Police Officer Sean McDonald, 26, was gunned down while arresting two armed robbers of a clothing store on March 15, 1994. He was knocked to the ground during a scuffle and was shot five times in the back by the fleeing criminals.

“We recognize that the judicious use of parole for certain offenses make sense, but never in the case of cop-killers,” Police Benevolent Association President Patrick Lynch said in a statement.

“That belief was codified in law when the Crimes Against Police Act of 2005 was adopted to make the murder of a Police Officer punishable by life imprisonment without parole,” Lynch continued.

“Recent changes to the parole decision making policy, adopted by the Parole Board itself, have resulted in the release of the worst violent criminals in the system, including domestic terrorists who planned, set up and sadistically assassinated two uniformed police officers.”

He said his union has been working with the state Legislature to enact a process into law that considers many factors, including the nature of the crime, impact on its victims and their survivors and the activities of the inmate while locked up.

“Those policy decisions must not be left in the hands of political appointees many of whom are nothing more than self-proclaimed prisoner advocates,” Lynch added.

State Republican lawmakers held hearings this week into recent decisions by the Parole Board to release some high-profile offenders, including 70-year-old Herman Bell, a former Black Liberation Army radical who killed two New York City police officers in 1971.

GOP lawmakers opposed Bell’s release earlier this year and said it showed the Parole Board needs greater scrutiny.

In August, dozens of widows of NYPD officers killed in the line of duty joined the PBA to demand that the state government fix a loophole that lets paroled cop-killers back on the streets.

Lynch held Albany responsible for the change in the parole board’s decision-making policy, which could potentially free 59 cop-killers.

The longest sentence for criminals who killed cops before 2005 was 25 years to life.

Those killers, who are eligible for parole after serving 25 years, are now benefiting from 2011 guidelines that look at what criminals have been doing since their incarceration, rather than just the original crime.

Lynch urged Gov.
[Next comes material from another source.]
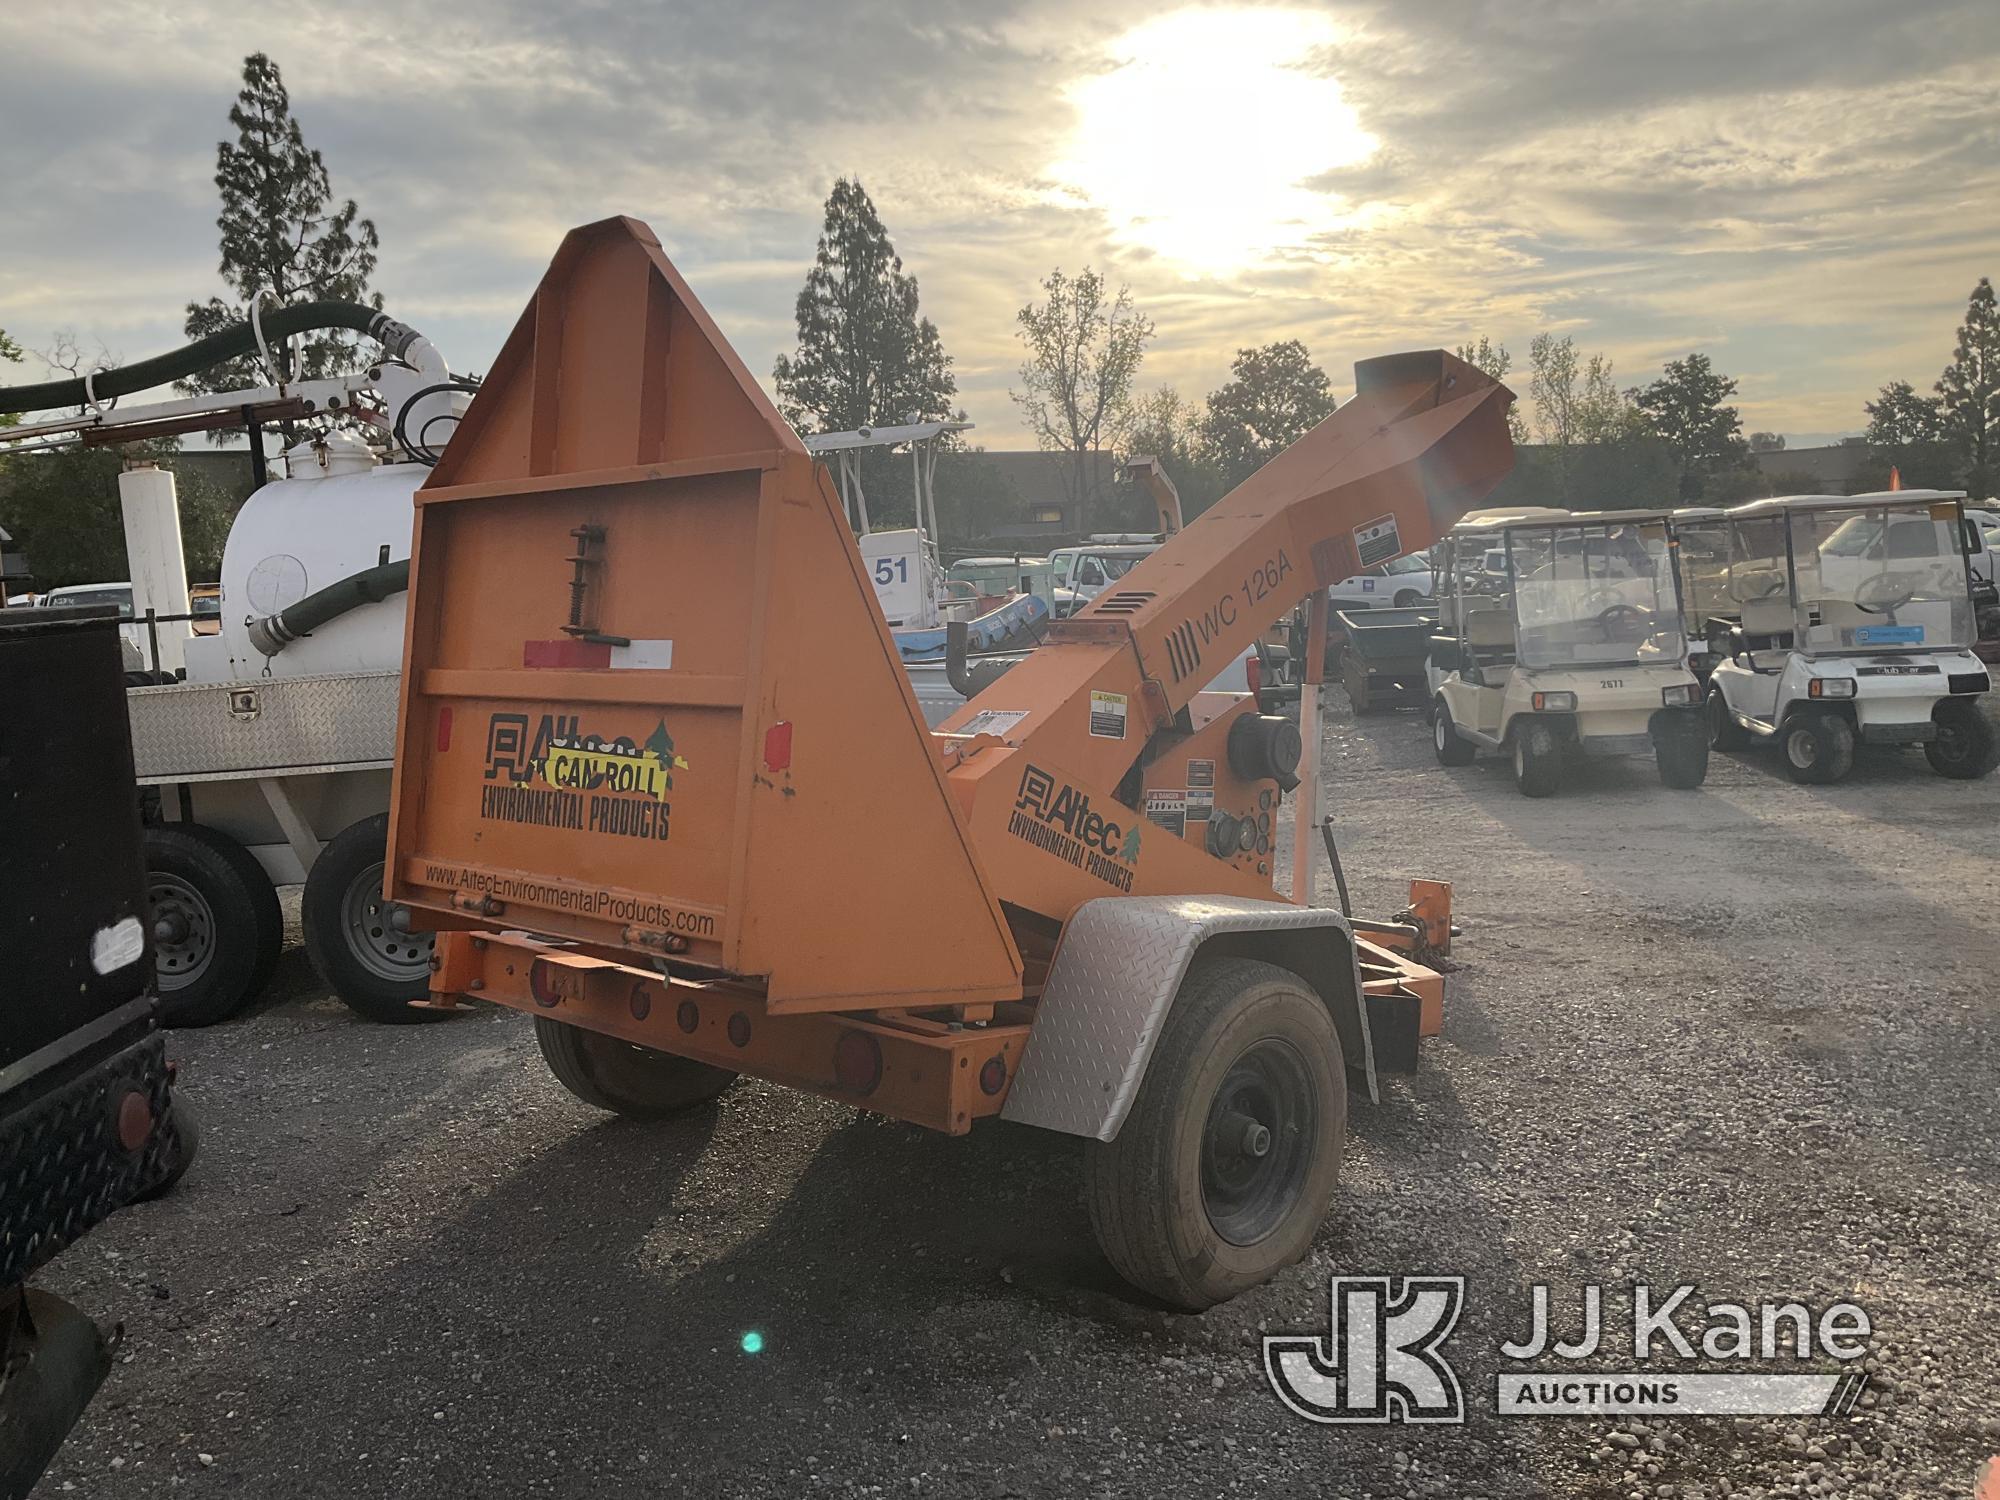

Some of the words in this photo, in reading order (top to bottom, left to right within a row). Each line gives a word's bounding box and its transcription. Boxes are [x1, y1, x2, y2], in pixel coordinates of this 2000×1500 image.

Andrew Cuomo and elected officials to give the families of officers who were slain years ago the same justice that would be demanded if a cop was killed on duty today.

A Cuomo spokesman told The Post in a recent statement that “the governor and the Legislature were responsible for reforms in 2011 that strengthened New York’s parole system, and further, the Governor proposed determinate sentencing two years ago but that effort was rejected by the Legislature.

“We of course remain open to considering any further amendments to the law that are constitutional and advance public safety,” he added.